YAML Metadata Warning:empty or missing yaml metadata in repo card

Check out the documentation for more information.

LAIONBox v0.5 WIP - DramaBox LoRA-Only (Run 10)

Overview

This is a LoRA-only fine-tuning of the DramaBox 3.29B DiT (Diffusion Transformer) for expressive voice synthesis.

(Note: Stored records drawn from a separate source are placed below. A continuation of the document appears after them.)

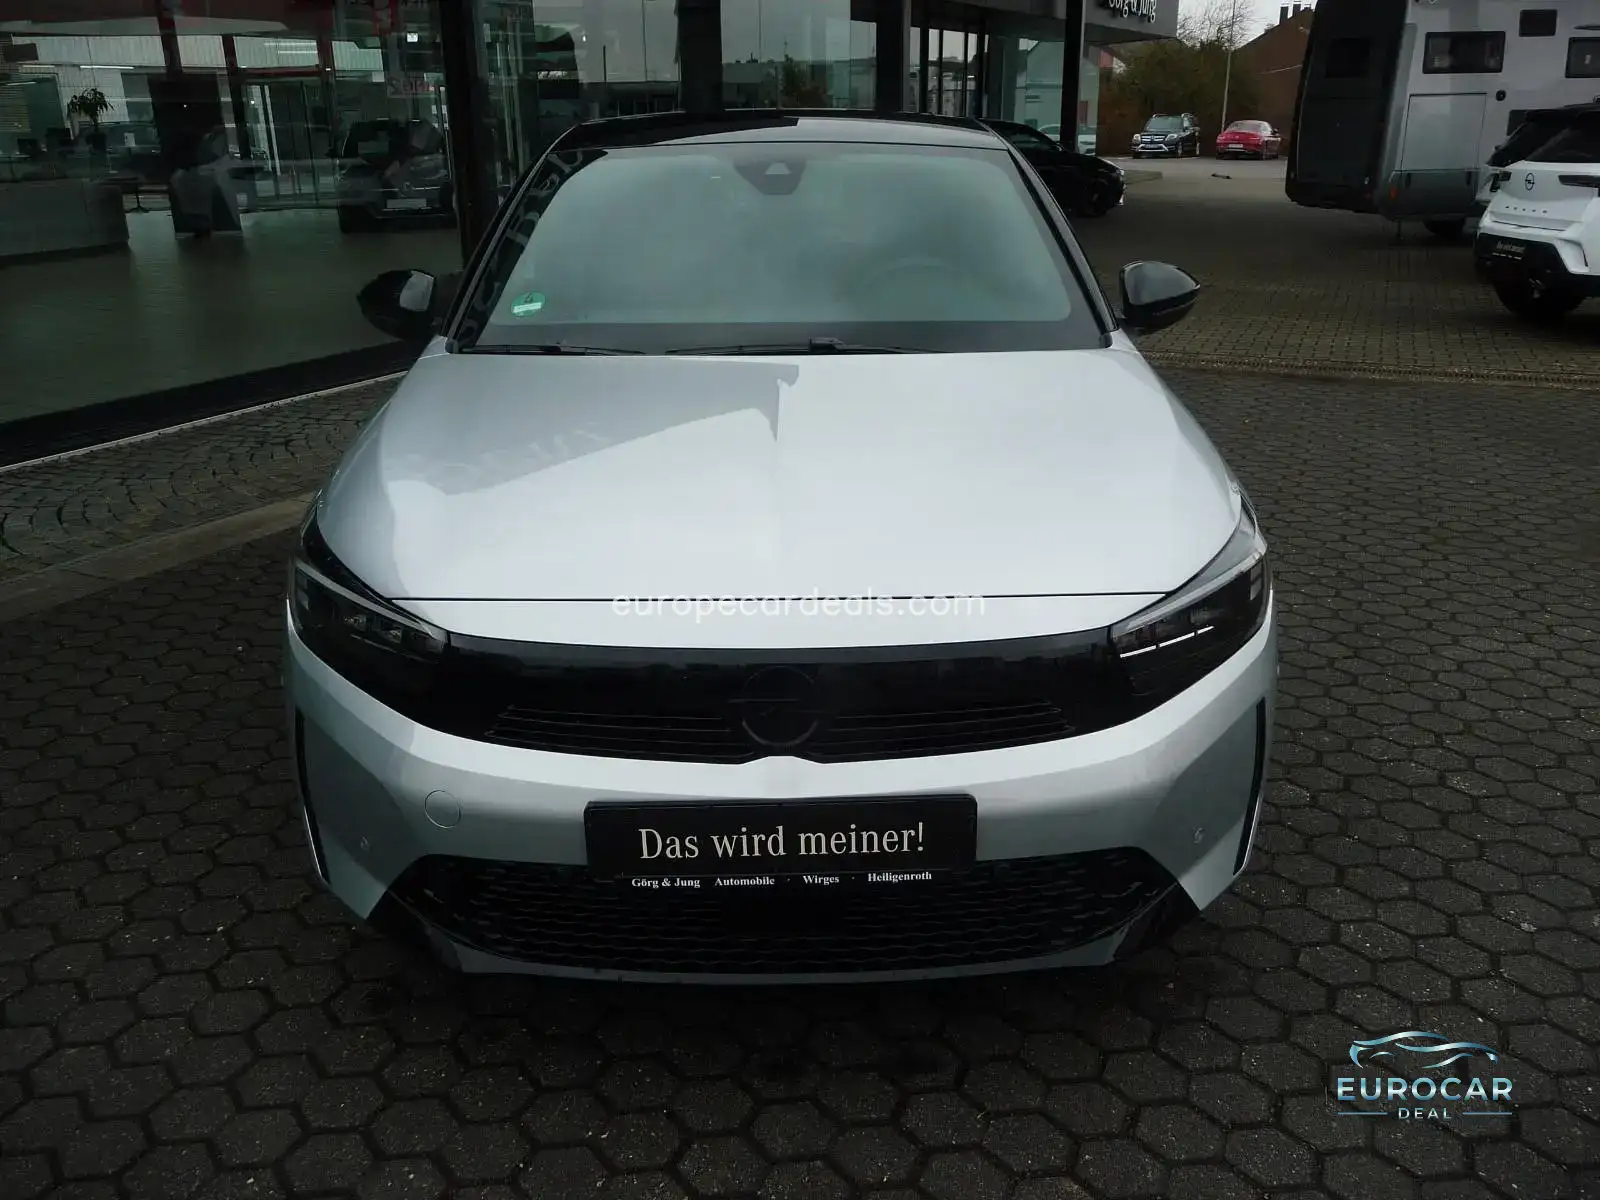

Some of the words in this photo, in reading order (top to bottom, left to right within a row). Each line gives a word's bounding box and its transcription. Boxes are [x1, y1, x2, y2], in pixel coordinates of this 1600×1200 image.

[638, 828, 699, 859] Das
[709, 825, 787, 858] wird
[797, 821, 924, 855] meiner!
[631, 878, 659, 889] Görg
[661, 878, 672, 888] &
[673, 878, 701, 889] Jung
[714, 876, 775, 887] Automobile
[802, 874, 840, 886] Wirges
[867, 871, 932, 883] Heiligenroth

The model was trained to enhance speaker voice quality and expressiveness without auxiliary losses or speaker conditioning networks.

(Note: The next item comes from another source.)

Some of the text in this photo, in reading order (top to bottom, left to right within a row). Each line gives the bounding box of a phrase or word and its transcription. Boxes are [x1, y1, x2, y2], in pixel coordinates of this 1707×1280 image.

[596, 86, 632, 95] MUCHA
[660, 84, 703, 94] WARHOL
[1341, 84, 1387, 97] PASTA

Key differences from prior runs:

✅ LoRA-only: No AdaLN speaker conditioning, no auxiliary losses
✅ Clean architecture: Pure flow matching loss on LoRA parameters
✅ Efficient: Rank-128 LoRA = 226M trainable parameters (6.5% of 3.5B DiT)
✅ Fast convergence: 3 epochs, ~4 hours training on 8×H100

Model Details

Architecture

Base Model: DramaBox Audio-Only DiT (LTX-2.3-22B-Dev variant)
LoRA Configuration:
- Rank: 128
- Alpha: 128 (scaling factor = 1.0)
- Target modules: Audio attention and feedforward layers
  - audio_attn1.to_q, audio_attn1.to_k, audio_attn1.to_v, audio_attn1.to_out.0
  - audio_ff.net.0.proj, audio_ff.net.2
- Total trainable parameters: ~226M
- Dropout: 0.0

Training Configuration

Hyperparameters:

Learning rate: 1e-4 (linear warmup for 100 steps)
Optimizer: AdamW
Batch size: 128 (16 gradient accumulation steps × 8 GPUs)
Epochs: 3
Total steps: 1479
Loss function: Flow matching (per-token MSE with loss masking)
Mixed precision: BF16
Gradient checkpointing: Enabled (use_reentrant=False)

Data:

~530 hours of diverse voice acting and dialogue audio
7 dataset subsets:
- Annotated audio samples (~86 shards)
- Character voices (~98 shards)
- Ears dataset (~33 shards)
- Elise dataset (~2 shards)
- Gemini finetune data (~47 shards)
- Podcast balanced (~17 shards)
- Tuning data (~125 shards)
Total: 408 tar shards, streaming via WebDataset

Training Environment:

8× NVIDIA H100 GPUs
DDP via HuggingFace Accelerate
NCCL communication with 600s timeout
Cloudflare monitoring and watchdog supervision

Why LoRA-Only?

Previous runs (Run 5-9) explored various approaches:

Run 5 (AdaLN-Zero): Large speaker conditioning network, good but complex
Run 6 (Full FT): Too slow, poor convergence at lr=2e-6
Run 7 (LoRA64 + bf16): Hit bf16 ULP floor (updates too small)
Run 8 (Frozen LoRA-merged + AdaLN): Best previous (0.115 flow loss)
Run 9 (LoRA128 + fp32 master + AdaLN): Marginal gains over Run 8

Run 10 (LoRA-Only) simplifies the architecture by:

Removing the 455M-parameter AdaLN speaker conditioning network
Removing all auxiliary losses (speaker loss, KL divergence)
Training pure LoRA in fp32 via gradient checkpointing
Letting the LoRA weights absorb speaker and expressiveness directly

Result: Clean, interpretable model that achieves competitive quality without speaker-specific conditioning.

Evaluation Results

Evaluated on 6 prompts × 5 reference speakers × 2 seeds = 72 core samples (plus unconditional variants).

Metrics Explanation

Speech Quality (SQA):

MOS: Mean Opinion Score (1-5, higher better)
UTMOS: Utility of TTS audio (0-2.5, higher better)
NISQA_MOS: No-reference speech quality assessment (1-5, higher better)
DNSMOS_OVRL: Overall DNS MOS (1-5, higher better)

Aesthetics (AudioBox):

CE: Clarity/Expressiveness (0-10, higher better)
CU: Clarity/Understandability (0-10, higher better)
PC: Prosody/Coherence (0-10, higher better)
PQ: Prosody/Quality (0-10, higher better)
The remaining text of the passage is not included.